Evaluating polynomials is not a thing I do very often. When I do, it’s for interpolation and splines; and traditionally those are done with relatively low degree polynomials—cubic at most. There are a few rather simple tricks you can use to evaluate them efficiently, and we’ll have a look at them.

A polynomial is an expression of the form

$a_nx^n+a_{n-1}x^{n-1}+\cdots+a_2x^2+a_1x+a_0$ .

A naïve approach to evaluating a polynomial would be to compute, independently, each monomial $a_jx^j$ , everyone at a cost of $j$ products ( $j-1$ for $x^j$ , plus one for $a_j\times{}x^j$ ). When you sum over all $j$ , you get $\frac{1}{2}n(n+1)$ products (and $n-1$ additions) for a polynomial of degree $n$ . That’s way too much.

Someone, in the early 19th century, Horner, remarked that you could rewrite any polynomial as

$(\cdots((a_nx+a_{n-1})x+a_{n-2})x+\cdots+a_1)x+a_0$ ,

giving us $n$ products and $n-1$ additions. That’s much better. Also turns out that if there’s nothing special about the polynomial (no zero coefficients) it’s optimal.

But Horner’s method (or Horner’s formula, depending on where you read about it) is inherently sequential, because all the products are nested. It’s not amenable to parallel processing, even in its simpler SIMD form.
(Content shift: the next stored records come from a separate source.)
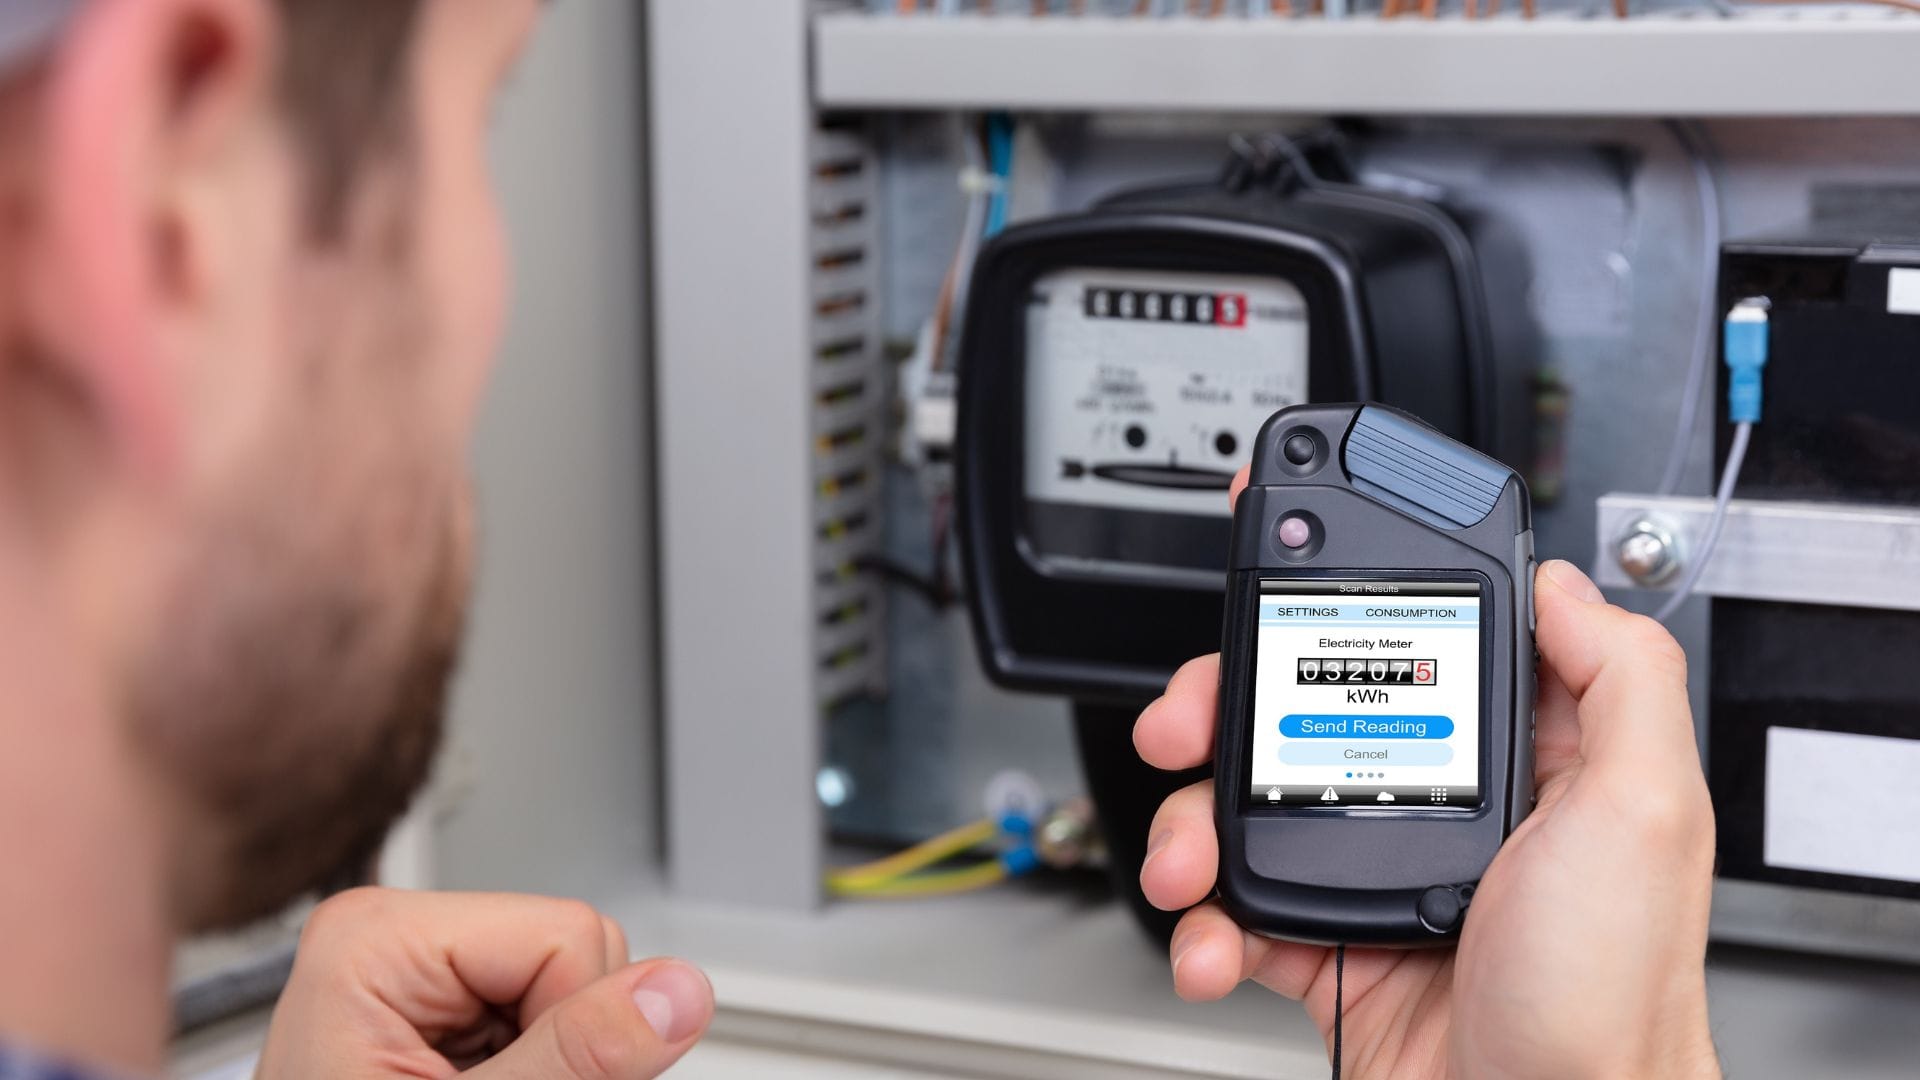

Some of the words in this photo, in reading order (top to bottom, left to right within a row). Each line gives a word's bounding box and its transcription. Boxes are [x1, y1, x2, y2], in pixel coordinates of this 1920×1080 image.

[1339, 584, 1363, 593] Scan
[1365, 584, 1399, 593] Results
[1277, 607, 1339, 617] SETTINGS
[1365, 608, 1457, 618] CONSUMPTION
[1319, 638, 1375, 650] Electricity
[1378, 639, 1413, 649] Meter
[1302, 661, 1432, 682] 032075
[1346, 689, 1389, 704] kWh
[1301, 720, 1347, 734] Send
[1353, 720, 1427, 737] Reading
[1344, 749, 1388, 760] Cancel
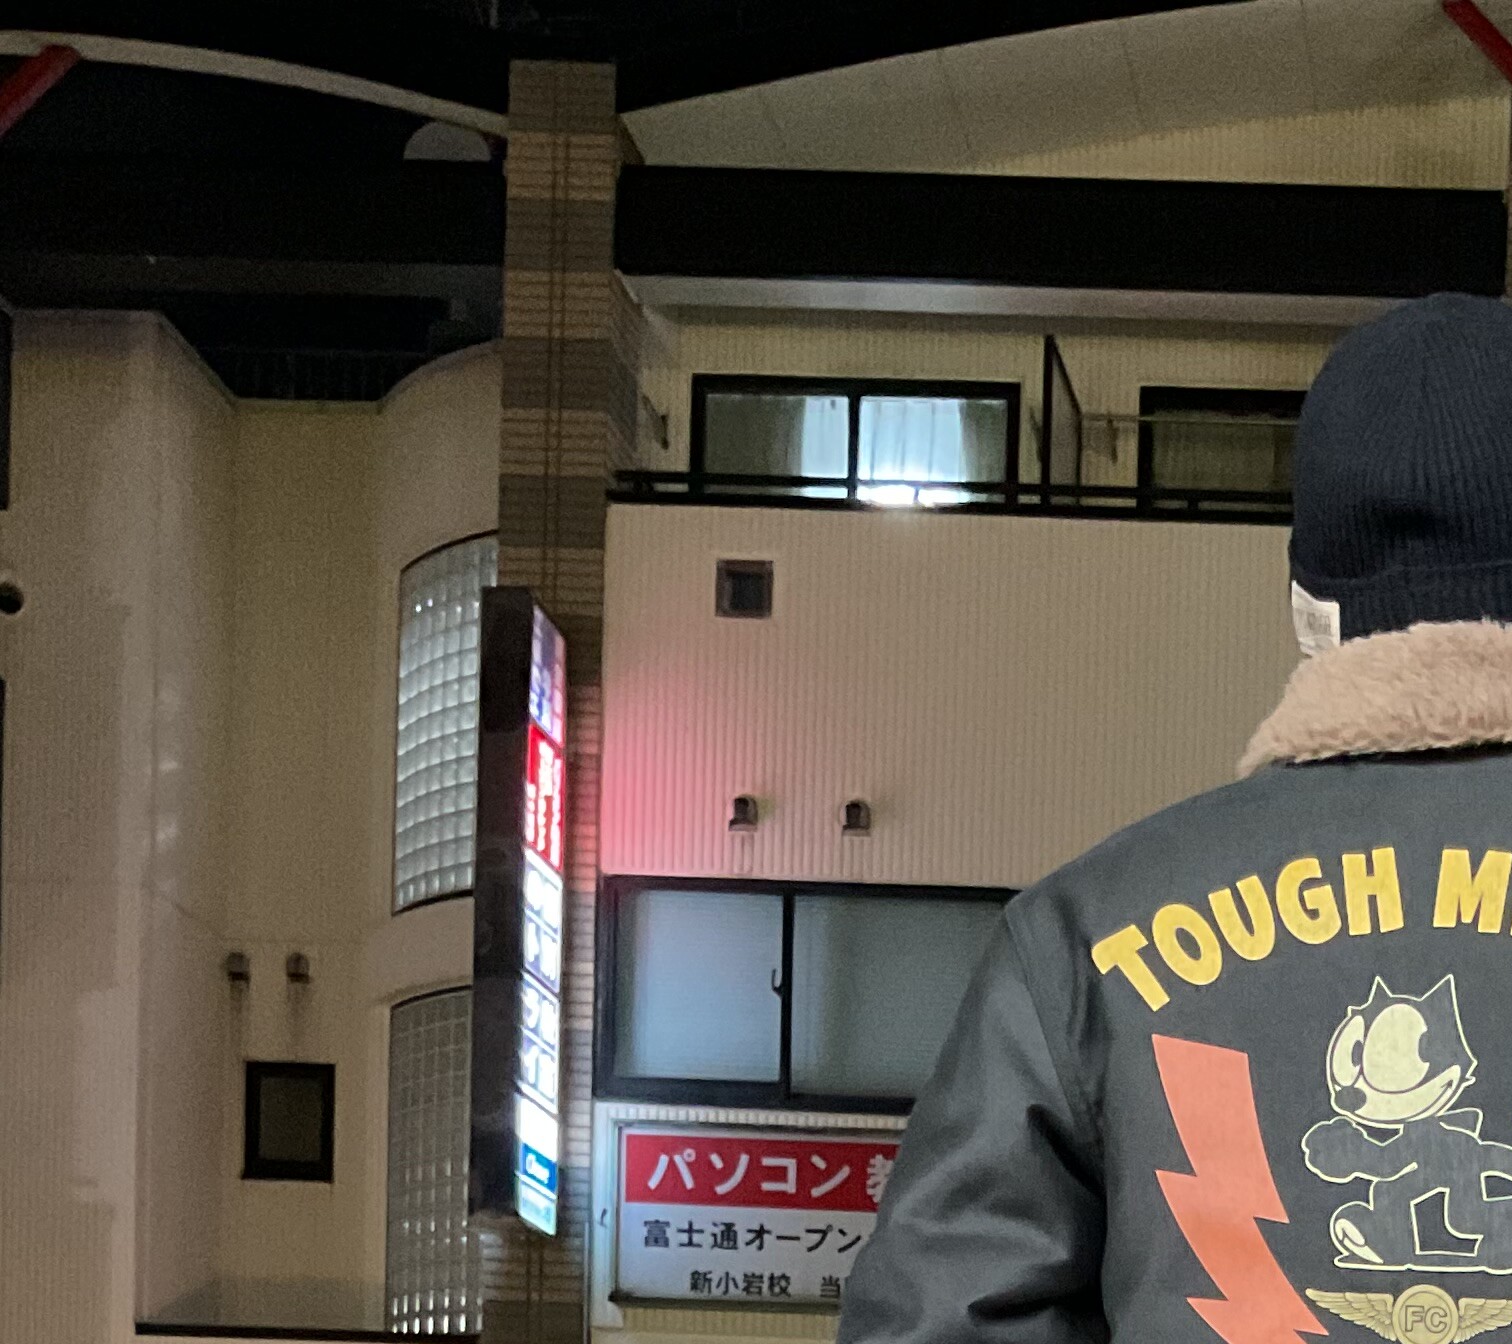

However, preparing lectures notes, I found that Estrin proposed a parallel algorithm to evaluate polynomial that both minimize wait time and the total number of products [1]. The scheme is shown here:

The original paper presents a method for polynomials with a degree of $n=2^k-1$ , but you can easily adapt the splitting for an arbitrary degree. The first step is to split the polynomial into binomials, each of which are evaluated in parallel. You then combine those into new binomials, also evaluated in parallel, and again, until you have only one term left, that is, the answer.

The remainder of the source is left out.